> [Work request] Below are records to write out exactly; drop the pictures when you do.

[Source records]
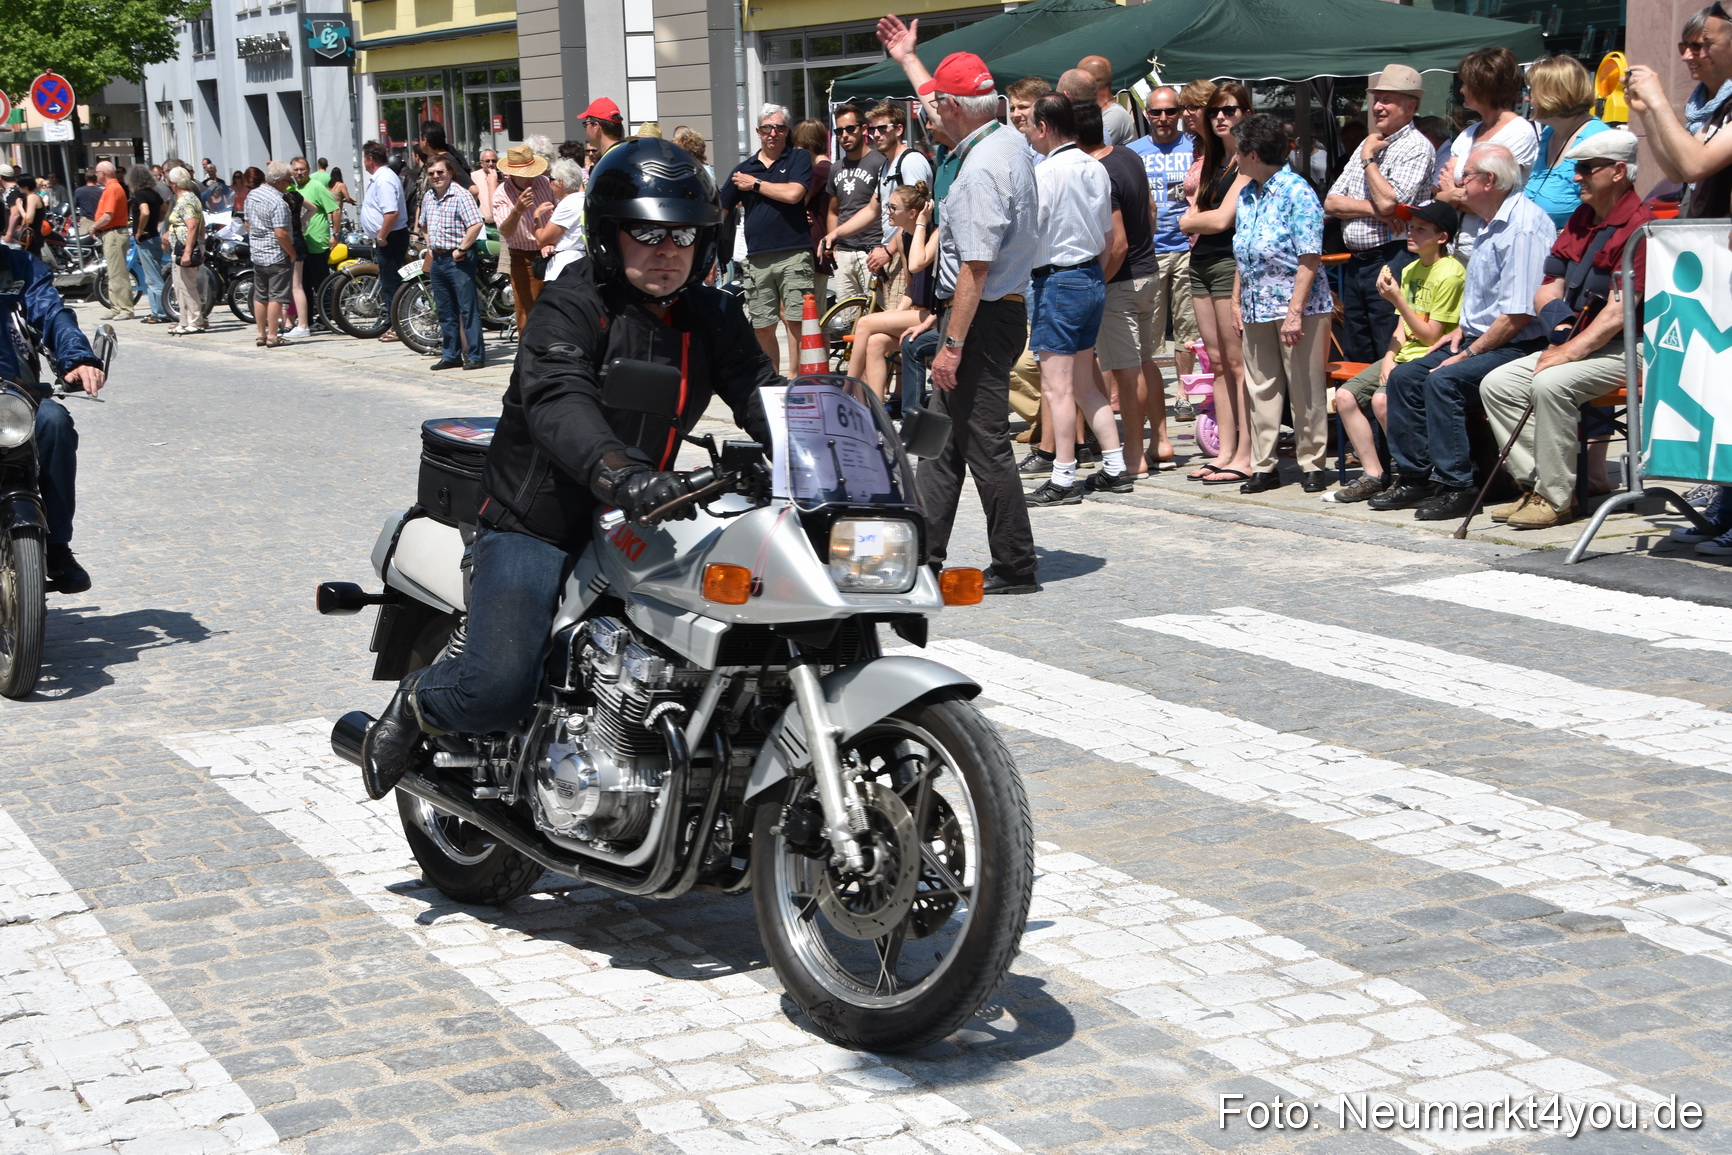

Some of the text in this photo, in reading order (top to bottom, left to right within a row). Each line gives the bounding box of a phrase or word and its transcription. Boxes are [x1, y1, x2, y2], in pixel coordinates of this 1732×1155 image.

[320, 27, 338, 50] G2
[833, 168, 874, 187] ZOO YORK
[1166, 171, 1188, 182] THIRS
[837, 403, 865, 434] 617

> [Output for this exercise]
Some of the text in this photo, in reading order (top to bottom, left to right within a row). Each line gives the bounding box of a phrase or word and its transcription. Boxes are [x1, y1, x2, y2], in pixel coordinates of this 1732×1155 image.

[320, 27, 338, 50] G2
[833, 168, 874, 187] ZOO YORK
[1166, 171, 1188, 182] THIRS
[837, 403, 865, 434] 617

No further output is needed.